Don Ciotti rispondendo alle domande ha anche parlato delle sue esperienze all'interno di Libera e della crescita in termini di  conoscenza. “Sventurato è chi, in ogni ambito, si crede 'arrivato' e pensa di non avere più nulla da imparare” ha commentato. Il sacerdote ha poi parlato anche del  protocollo 'Liberi di scegliere' avviato assieme alla procura di Reggio Calabria dicendo che non solo è importante "ma cruciale, perché con 'Liberi di scegliere' è possibile colpire le mafie dall’interno, facendo leva su quelle coscienze vive, non allineate, che anche esistono nelle organizzazioni mafiose, soprattutto tra le donne. Un buon numero sono state aiutate a uscire dalle cosche, e la loro ritrovata libertà può essere da stimolo per altre e altri. Bisogna dunque incentivare questa via, anche tramite strumenti giuridici adeguati".

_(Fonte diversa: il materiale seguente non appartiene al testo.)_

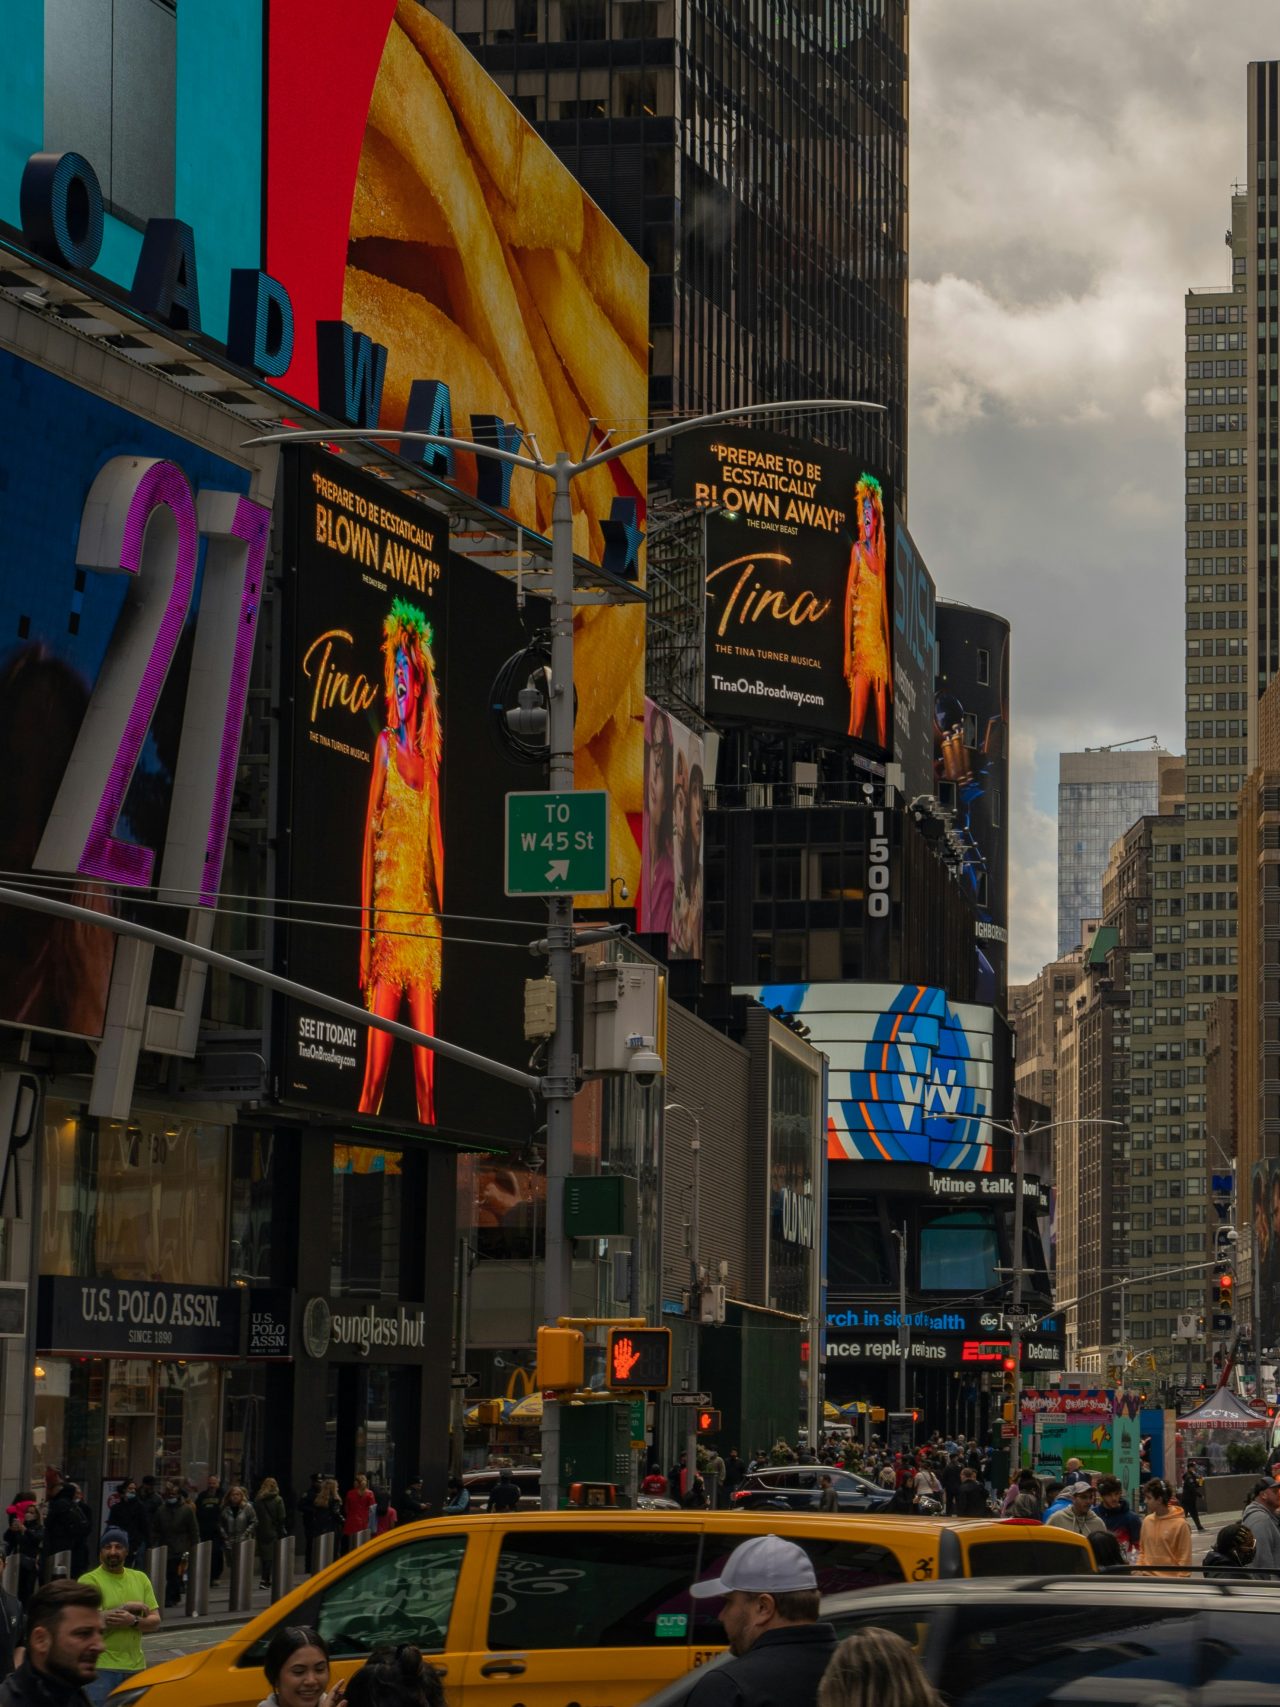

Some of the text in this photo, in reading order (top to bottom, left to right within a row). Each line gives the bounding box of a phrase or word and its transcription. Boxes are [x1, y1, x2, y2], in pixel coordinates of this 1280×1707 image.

Alessia Candito ha chiesto, durante l'intervista, se la validità del progetto fosse stata compromessa dal momento che  "uno degli ex ospiti del programma è stato arrestato con l’accusa di essere un boss". Al che don Luigi ha risposto: "Assolutamente no: un esito negativo non può essere un pretesto per arrendersi. Deve anzi essere uno stimolo a esaminare con cura la vicenda per migliorare la prassi e impedire che situazioni del genere si ripetano. Tenuto conto che si ratta di vicende delicatissime, nelle quali entrano in gioco anche fattori non del tutto ponderabili". Senza mezzi termini infine il sacerdote ha detto con forza che il programma 'Liberi di scegliere' dovrebbe essere esteso a "tutte le regioni, a cominciare da quelle dove il controllo delle mafie continua a essere territoriale e a volte asfissiante".